Given fiscal and monetary policy from 2000-2007, and given that Wall Street was creating new “money” as fast as it was, why didn’t the U.S. economy take off on a wild growth bender? That, and not the crash in 2007, is the real puzzle.

I suspect there are a lot of partial explanations. Growing income inequality in the U.S. slowed wage growth for the huge U.S. middle class. Competition with workers in low-wage emerging economies depressed wages in the United States and assured that some of the jobs that in other times would have been created in the United States were instead created in China, and India, Brazil, and other developing countries. An aging U.S. workforce raised costs for those U.S. industries that were the traditional source of high-paying blue collar jobs to the point where these sectors bled jobs. Even when workers could find replacement jobs, they didn’t pay as well. The luck of the technology cycle resulted in a relative scarcity of new products that rewarded U.S. competitive advantage in design and development. A slowdown in innovation—it happens and no one quite knows why—meant that more products became commodities and that sent profits to manufacturers and assemblers in low-cost economies.
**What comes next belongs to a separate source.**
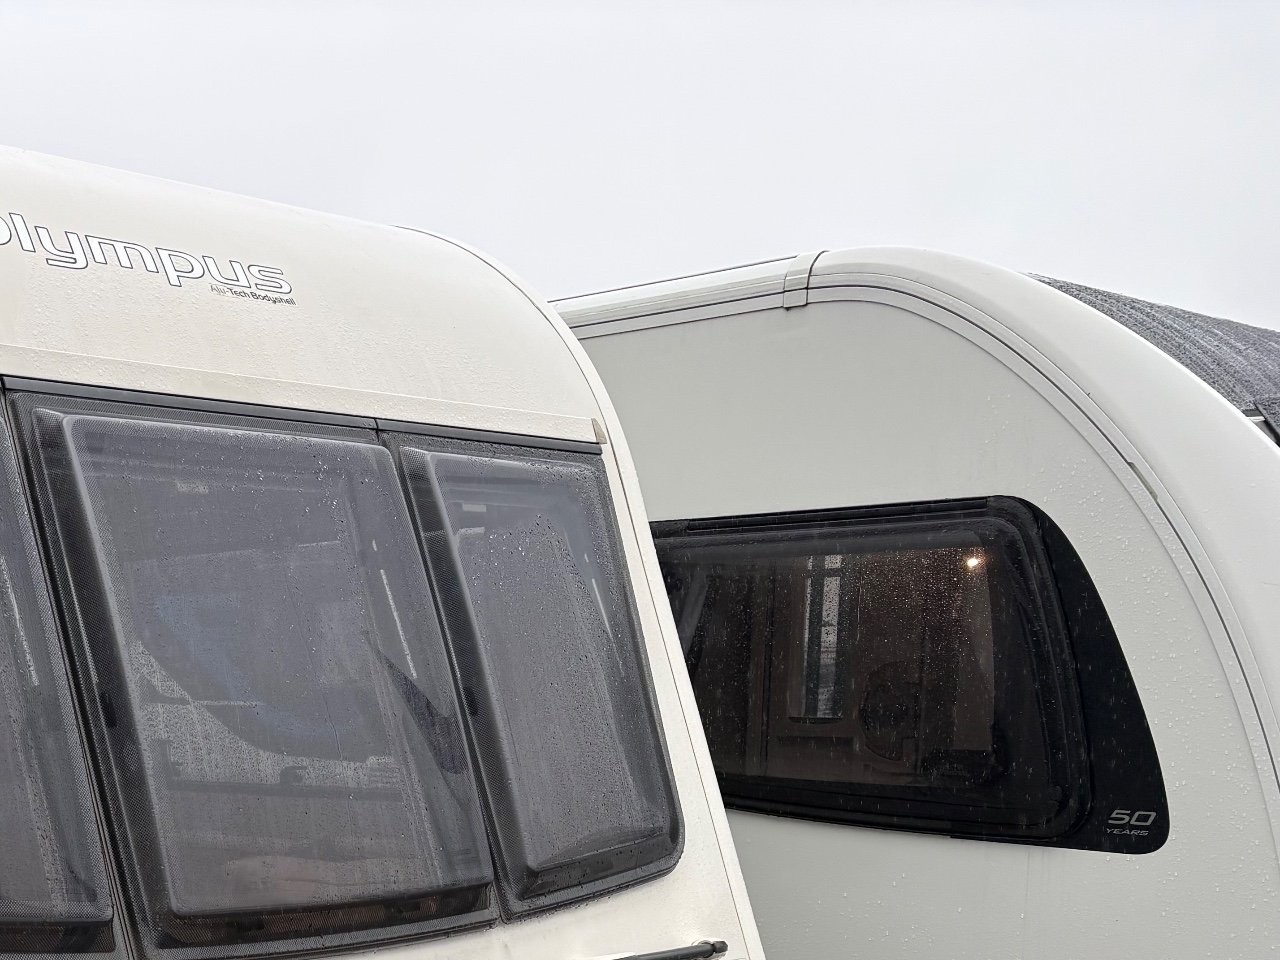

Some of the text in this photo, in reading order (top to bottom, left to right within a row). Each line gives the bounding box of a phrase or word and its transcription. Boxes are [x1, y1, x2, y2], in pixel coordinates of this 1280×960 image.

What’s striking to me is that none of these causes alone signals a monumental shift in the playing field away from the United States. And that’s good. It means that these are problems that can be addressed and solved.

But it’s equally clear that these causes have a certain momentum. For example, manufacturing efficiencies in low-cost countries lead, in time, to greater efficiencies and lower costs that don’t depend on low wages. China is going through this transition now. Manufacturer efficiencies and high volumes tend to lead companies to try to move up the value chain by adding new expertise in design or marketing that is more profitable than, say, assembly.

Together this complex of solvable problems does over time amount to a shift in relative economic growth and relative economic advantage of a magnitude that explains why job growth was so slow during the Bush administration and why it will take so long in this recovery to reduce unemployment.

And we’re not doing anything to tackle any of the pieces of this complex. Our plans for recovery seem predicated on fixing the financial system that created the crisis of 2007. That’s worth doing. The debate over what to do after that is focused on how fast to reduce our deficit. That debate is worth having and certainly the deficit needs to be reduced.

But neither fixing the U.S. financial system nor reducing the deficit addresses the job creation problem that existed before this financial crisis broke upon our heads and that will still be with us when the current recovery is celebrating its second or third or fourth anniversary.

And certainly we should know without a doubt that we can’t financially engineer our way to job growth. Been there. Tried that. Didn’t work.

Jobs are the scarcest commodity in our world and we need to make creating more of them a true national priority. If not, the jobs hole will just keep getting bigger.

The Federal government will next report the unemployment rate on Friday, July 2.